• **Stored data**:
= = = = = = =

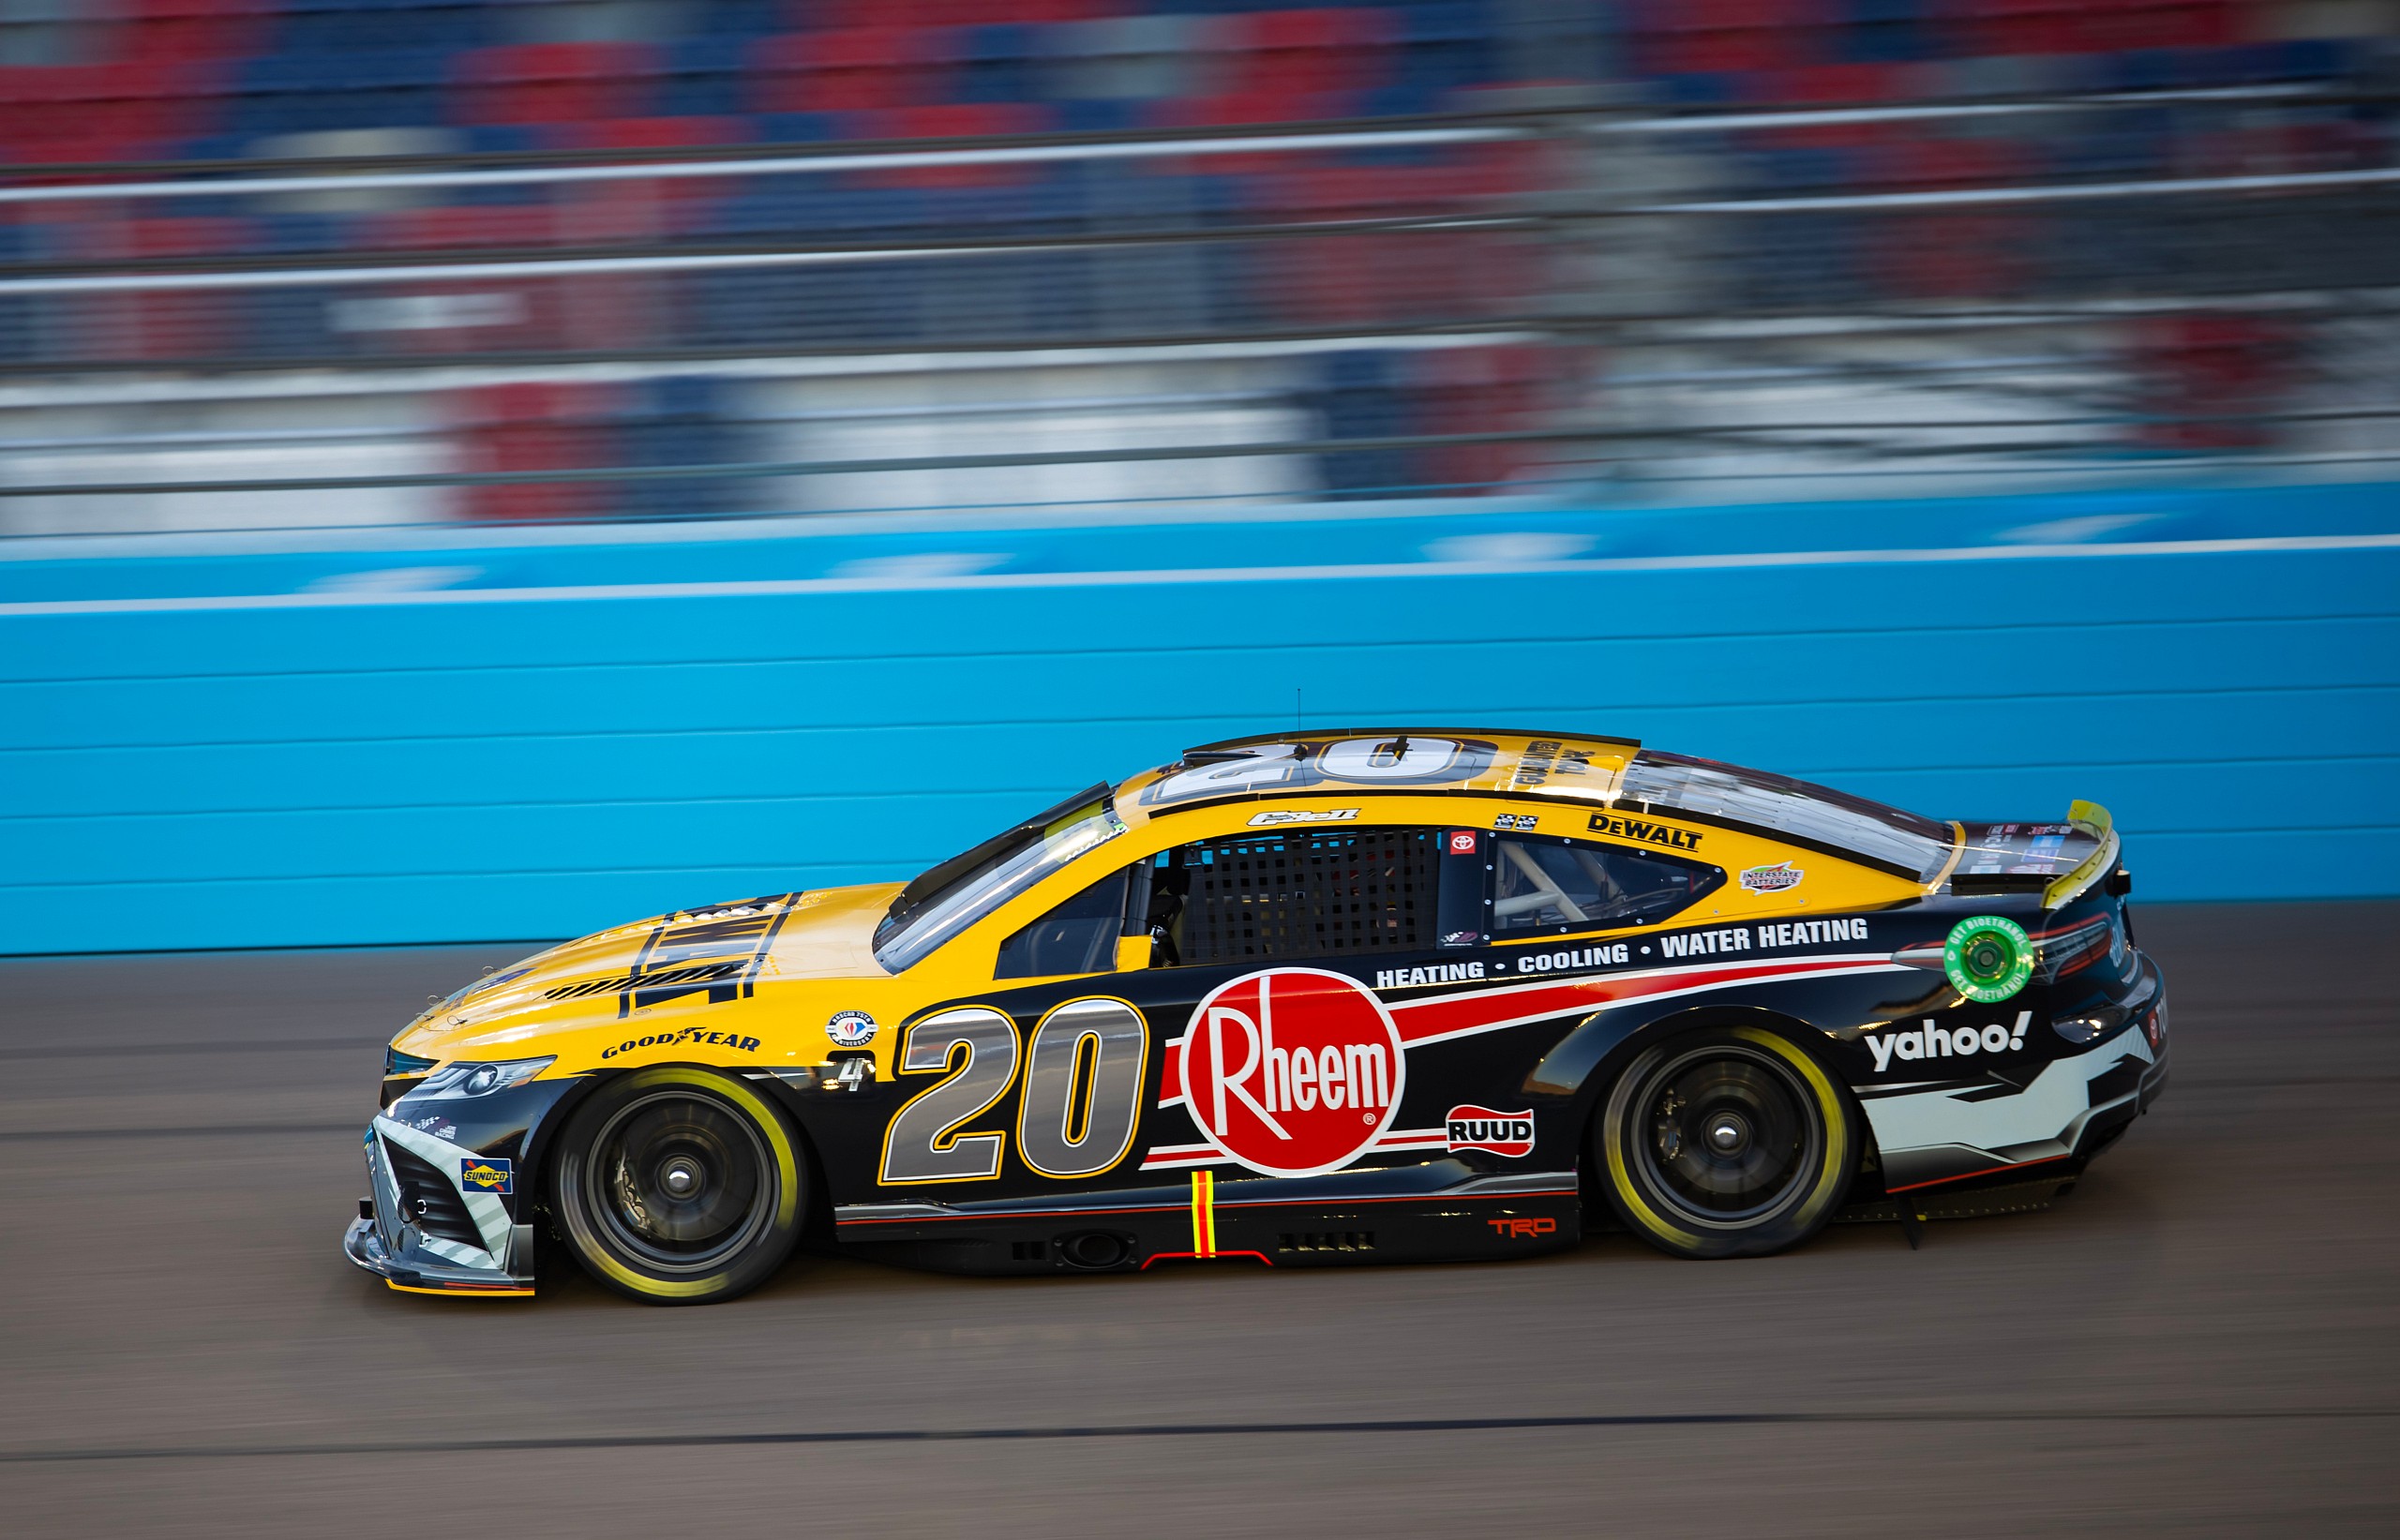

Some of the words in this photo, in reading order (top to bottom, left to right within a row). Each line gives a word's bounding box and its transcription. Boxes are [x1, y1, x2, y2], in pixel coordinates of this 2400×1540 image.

[1743, 871, 1800, 879] INTERSTATE
[1745, 877, 1797, 886] BATTERIES
[1949, 926, 1967, 945] GET
[1966, 918, 2028, 949] BIOETHANOL
[634, 893, 792, 1009] DWAT
[1377, 962, 1484, 988] HEATING
[1518, 944, 1629, 973] COOLING
[1660, 927, 1752, 958] WATER
[1760, 918, 1868, 949] HEATING
[831, 1033, 873, 1045] ANIVERSARY
[1864, 1010, 2032, 1072] yahoo!
[1208, 976, 1389, 1141] Rheem
[877, 994, 1150, 1186] 20
[1448, 1120, 1532, 1142] RUUD
[465, 1171, 507, 1182] SUNOCO
[1487, 1218, 1556, 1238] TRD

= = = = = = =

An exact copy of the material is required, minus the pictures.

Some of the words in this photo, in reading order (top to bottom, left to right within a row). Each line gives a word's bounding box and its transcription. Boxes are [x1, y1, x2, y2], in pixel coordinates of this 2400×1540 image.

[1743, 871, 1800, 879] INTERSTATE
[1745, 877, 1797, 886] BATTERIES
[1949, 926, 1967, 945] GET
[1966, 918, 2028, 949] BIOETHANOL
[634, 893, 792, 1009] DWAT
[1377, 962, 1484, 988] HEATING
[1518, 944, 1629, 973] COOLING
[1660, 927, 1752, 958] WATER
[1760, 918, 1868, 949] HEATING
[831, 1033, 873, 1045] ANIVERSARY
[1864, 1010, 2032, 1072] yahoo!
[1208, 976, 1389, 1141] Rheem
[877, 994, 1150, 1186] 20
[1448, 1120, 1532, 1142] RUUD
[465, 1171, 507, 1182] SUNOCO
[1487, 1218, 1556, 1238] TRD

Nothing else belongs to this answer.